[Records excerpted from a collection]

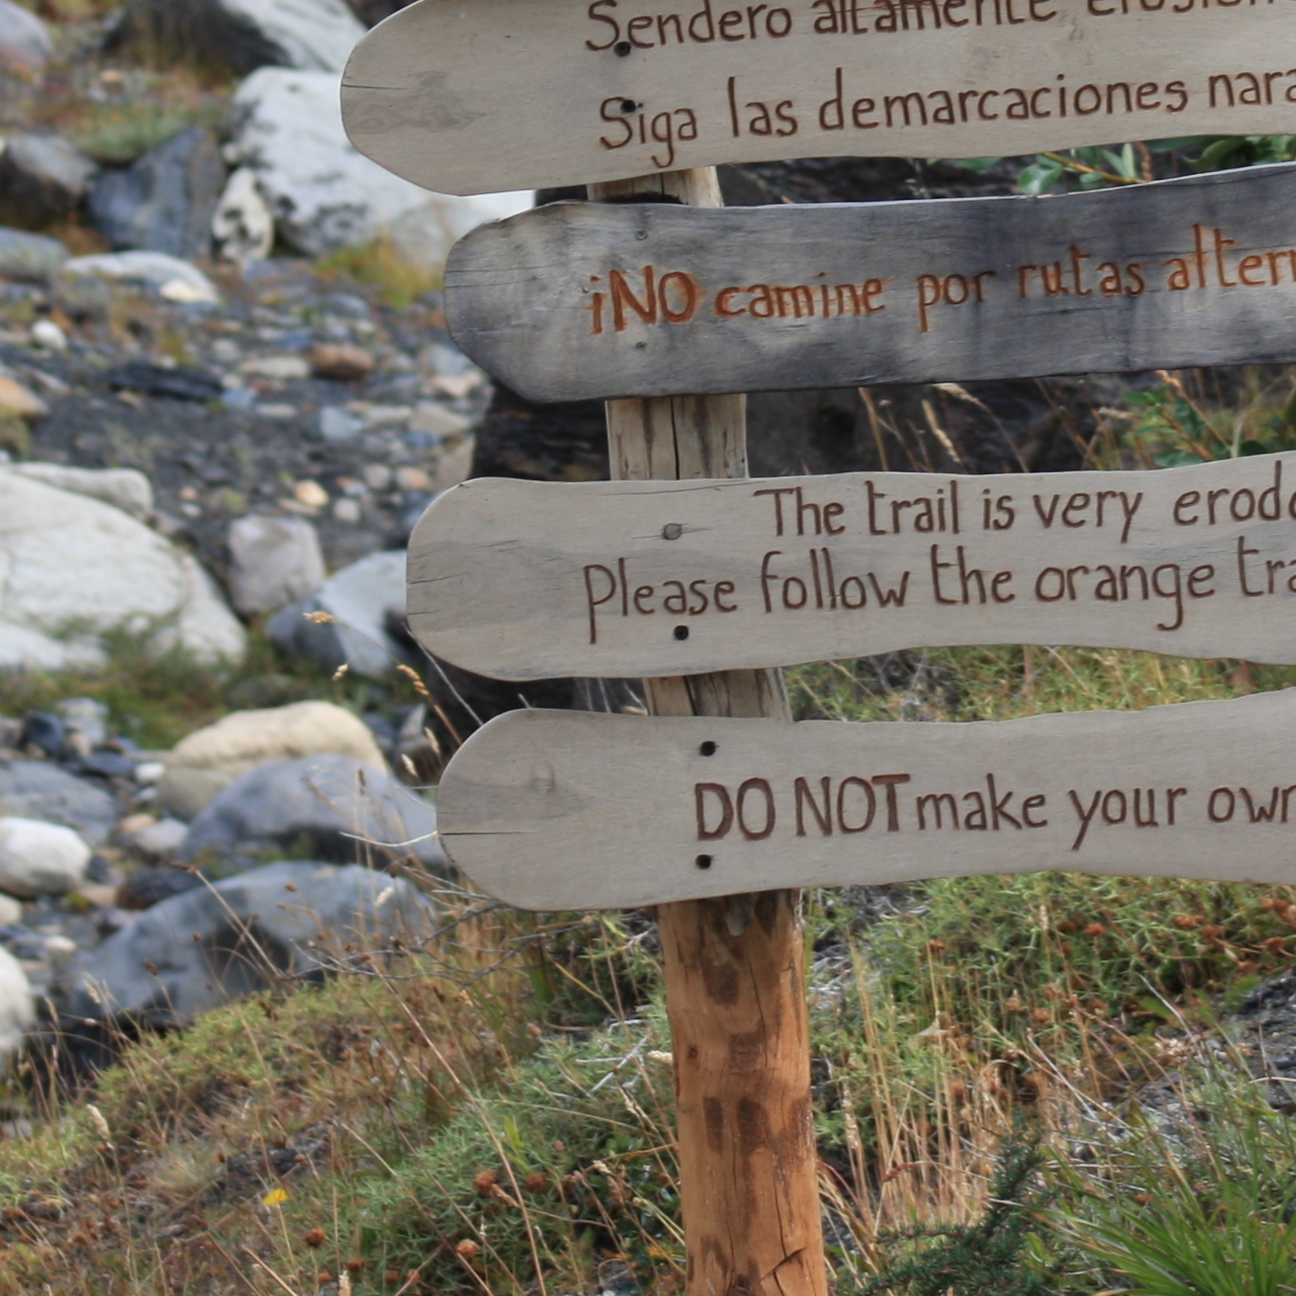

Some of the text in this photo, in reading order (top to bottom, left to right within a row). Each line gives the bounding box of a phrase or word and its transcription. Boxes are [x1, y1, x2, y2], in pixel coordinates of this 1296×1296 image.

[600, 96, 698, 168] Siga
[727, 76, 798, 137] las
[819, 67, 1188, 130] demarcaciones
[713, 272, 888, 320] camine
[917, 267, 996, 332] por
[1017, 245, 1145, 299] rutas
[753, 487, 845, 538] The
[865, 479, 961, 536] trail
[983, 489, 1014, 531] is
[1033, 489, 1142, 543] very
[582, 558, 738, 645] Please
[760, 547, 910, 614] follow
[931, 544, 1015, 605] the
[1035, 559, 1215, 631] orange
[694, 777, 776, 841] DO
[794, 773, 910, 837] NOT
[916, 773, 1048, 833] make
[1069, 785, 1187, 851] your
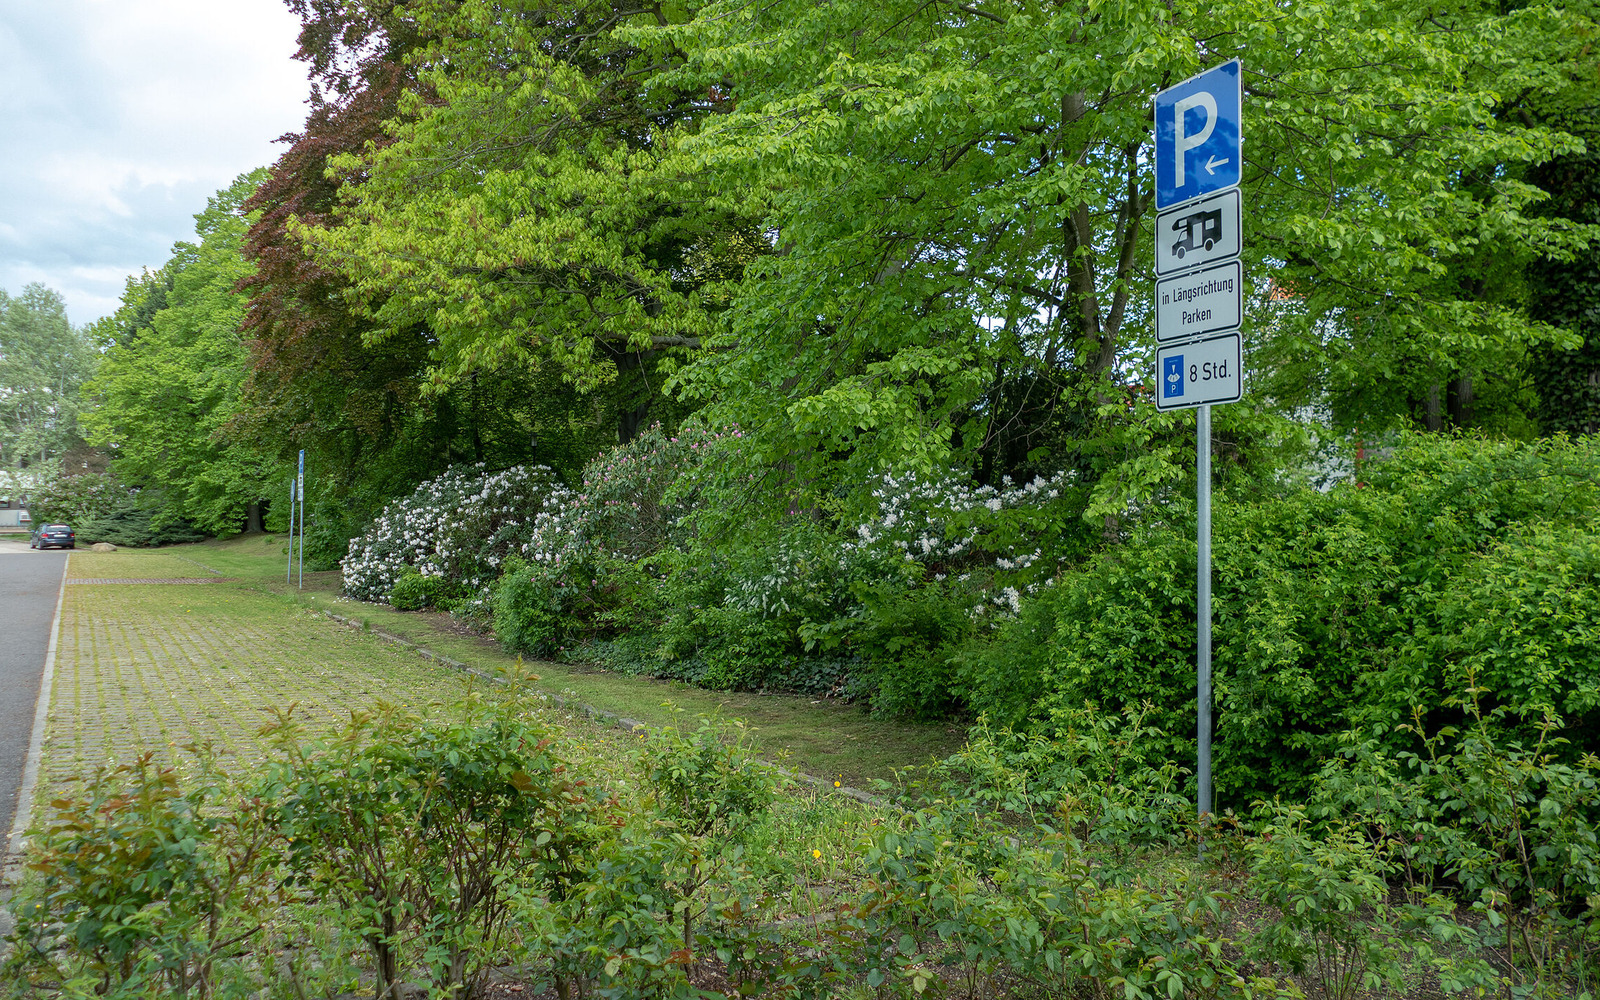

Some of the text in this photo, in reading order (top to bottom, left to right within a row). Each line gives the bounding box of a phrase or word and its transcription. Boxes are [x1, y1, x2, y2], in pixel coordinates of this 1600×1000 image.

[1174, 91, 1218, 189] P
[1162, 278, 1234, 305] in Längsrichtung
[1182, 308, 1212, 326] Parken
[1189, 359, 1232, 383] 8 Std.
[1171, 384, 1177, 394] P
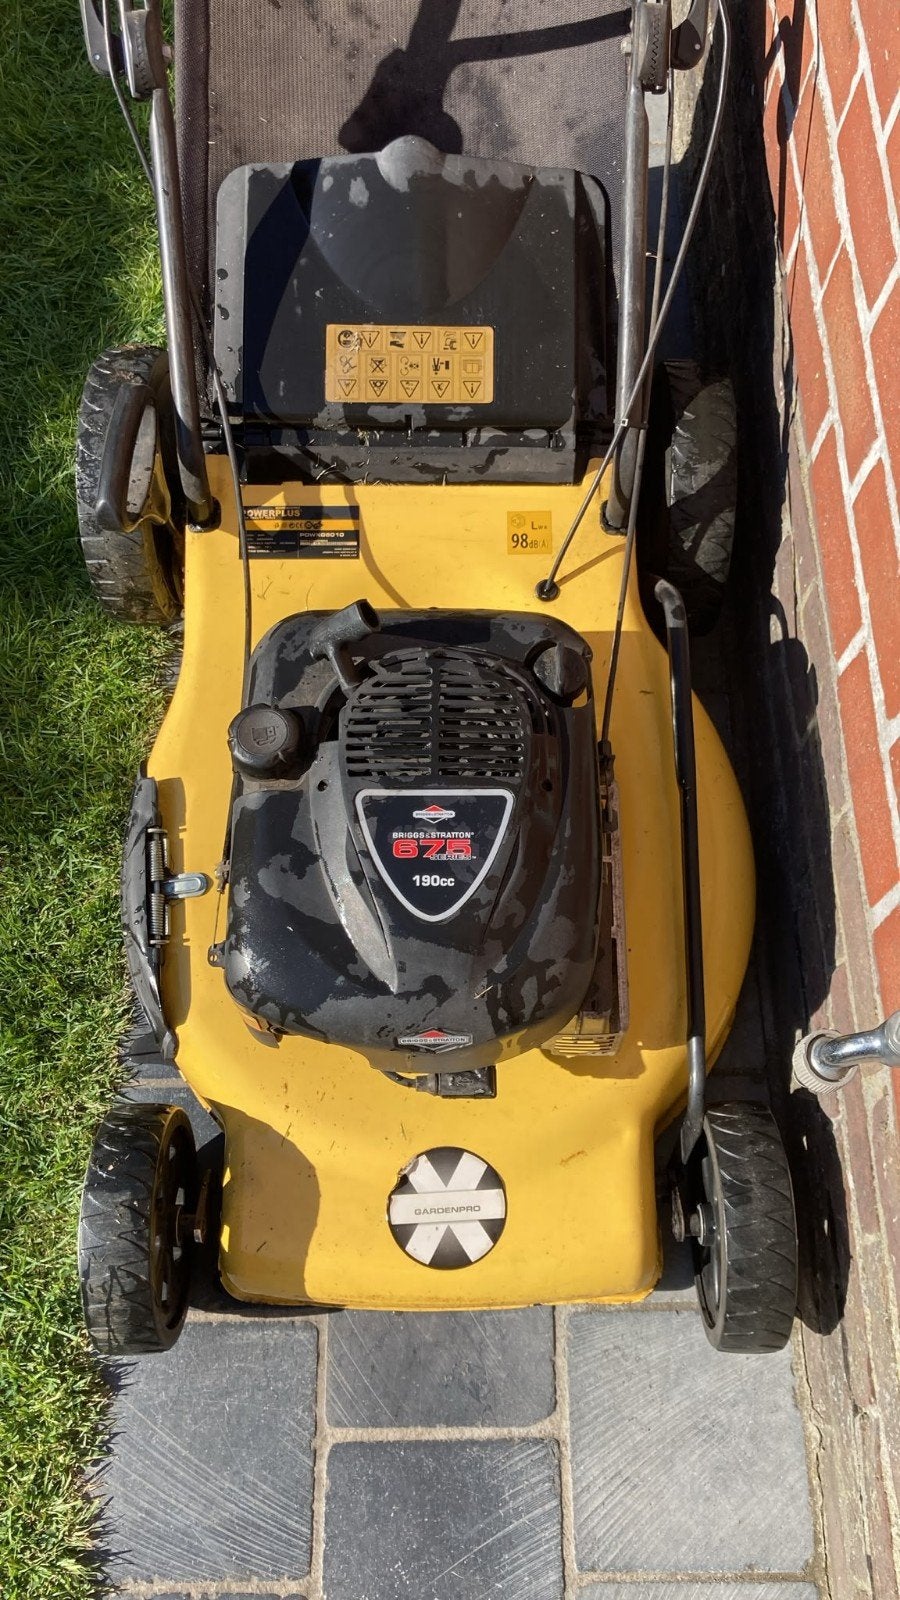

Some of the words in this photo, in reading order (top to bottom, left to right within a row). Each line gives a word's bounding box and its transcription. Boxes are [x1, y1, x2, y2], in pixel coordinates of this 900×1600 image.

• _PROBLEM TO WORK ON_: Only the text of the records belongs in your answer, copied exactly as it appears above.

• _RESPONSE BOX_:
Some of the text in this photo, in reading order (top to bottom, left to right within a row). Each line gives the bounding box of a phrase or word and its transcription. Boxes are [x1, y1, x2, y2], in pixel coordinates of this 1296×1296 image.

[600, 96, 698, 168] Siga
[727, 76, 798, 137] las
[819, 67, 1188, 130] demarcaciones
[713, 272, 888, 320] camine
[917, 267, 996, 332] por
[1017, 245, 1145, 299] rutas
[753, 487, 845, 538] The
[865, 479, 961, 536] trail
[983, 489, 1014, 531] is
[1033, 489, 1142, 543] very
[582, 558, 738, 645] Please
[760, 547, 910, 614] follow
[931, 544, 1015, 605] the
[1035, 559, 1215, 631] orange
[694, 777, 776, 841] DO
[794, 773, 910, 837] NOT
[916, 773, 1048, 833] make
[1069, 785, 1187, 851] your

Some of the text in this photo, in reading order (top to bottom, left to right within a row). Each line gives the bounding box of a phrase or word and its transcription. Boxes are [x1, y1, x2, y2], in pixel coordinates of this 1600×1000 image.

[1174, 91, 1218, 189] P
[1162, 278, 1234, 305] in Längsrichtung
[1182, 308, 1212, 326] Parken
[1189, 359, 1232, 383] 8 Std.
[1171, 384, 1177, 394] P

Some of the words in this photo, in reading order (top to bottom, left to right within a row). Each line gives a word's bounding box and its transcription. Boxes are [x1, y1, x2, y2], in pixel coordinates of this 900×1600 image.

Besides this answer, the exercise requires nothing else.